Lucia Puenzo est née en Argentine, en 1976, au tout début de la période de dictature du sinistre général Videla et de ses non moins sinistres amis généraux de la junte qui ont plongé le pays dans l’horreur et la répression. Elle est la fille du cinéaste Luis Puenzo. C’est sans doute parce qu’elle a grandi dans un tel environnement que Lucia est devenue romancière puis cinéaste, elle aussi. Elle a adapté elle-même à l’écran son troisième roman, Wakolda, pour en faire son quatrième long métrage, Le médecin de famille, un authentique chef-d’œuvre de cette année 2013 qu’il faut aller voir et dont il faut parler, au moment où la barbarie ressurgit et, avec elle, les relents de la haine qui ont conduit à la Shoa.
Mais la dictature des généraux n’est pas le sujet abordé dans Le médecin de famille, c’est de l’histoire de l’Argentine et de toute l’Amérique du Sud au lendemain de la seconde guerre mondiale dont il est question ici.

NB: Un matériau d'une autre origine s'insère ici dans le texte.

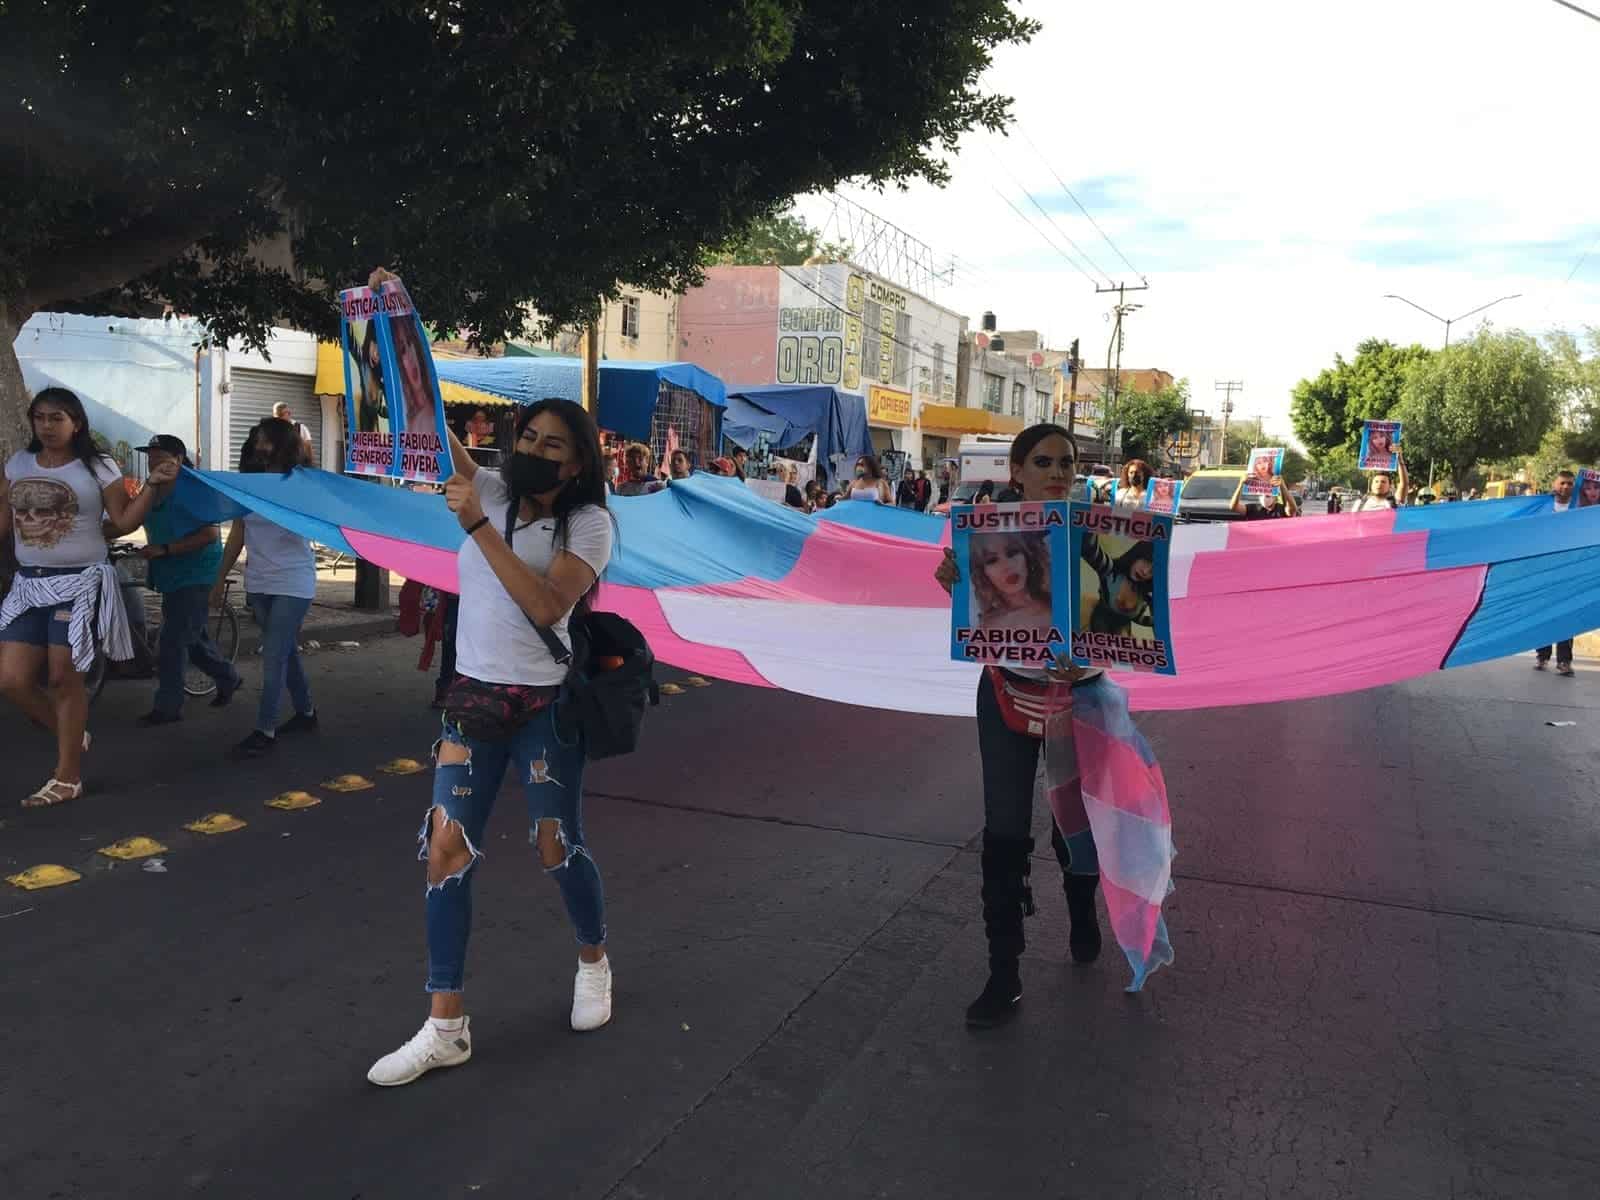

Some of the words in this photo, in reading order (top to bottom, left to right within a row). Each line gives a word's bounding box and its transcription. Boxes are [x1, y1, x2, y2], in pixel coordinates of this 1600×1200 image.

[341, 296, 379, 317] JUSTICIA
[870, 283, 906, 311] COMPRO
[779, 308, 843, 332] COMPRO
[843, 273, 865, 390] ORO
[777, 336, 843, 384] ORO
[351, 432, 393, 449] MICHELLE
[399, 432, 444, 453] FABIOLA
[350, 449, 393, 466] CISNEROS
[401, 454, 441, 474] RIVERA
[956, 510, 1064, 530] JUSTICIA
[1072, 510, 1169, 540] JUSTICIA
[957, 628, 1064, 645] FABIOLA
[1071, 631, 1165, 653] MICHELLE
[965, 645, 1057, 662] RIVERA
[1073, 646, 1168, 667] CISNEROS

Nous sommes dans les années 1960 et le cadre, absolument somptueux — paradoxe souligné par l’auteure entre la paix des montagnes et les véritables monstres qui peuplent les lieux — de San Carlos de Bariloche, surnommée « la Suisse argentine », au pied de la Cordillère des Andes, à la frontière avec le Chili, dans ce qui est nommé le Grand Sud, c’est-à-dire la Patagonie. San Carlos de Bariloche, qui borde le lac Nahuel Huapi, aussi vaste que le Léman, est une ville littéralement sortie de terre, en 1902, sous l’influence d’un Suisse — ce qui est une étrange coïncidence — Carlos Wiederhold. Car, à partir de la montée du nazisme, les dignitaires nazis vont commencer de véritables repérages qui vont conduire à la création, puis à l’installation d’une colonie allemande, après 1945. C’est là notamment que Eric Priebke, responsable du massacre des Grottes Ardéatines à Rome en 1944 — lire ici un précédent billet — vécut une paisible existence de notable à San Carlos, jusqu’à son extradition en 1995.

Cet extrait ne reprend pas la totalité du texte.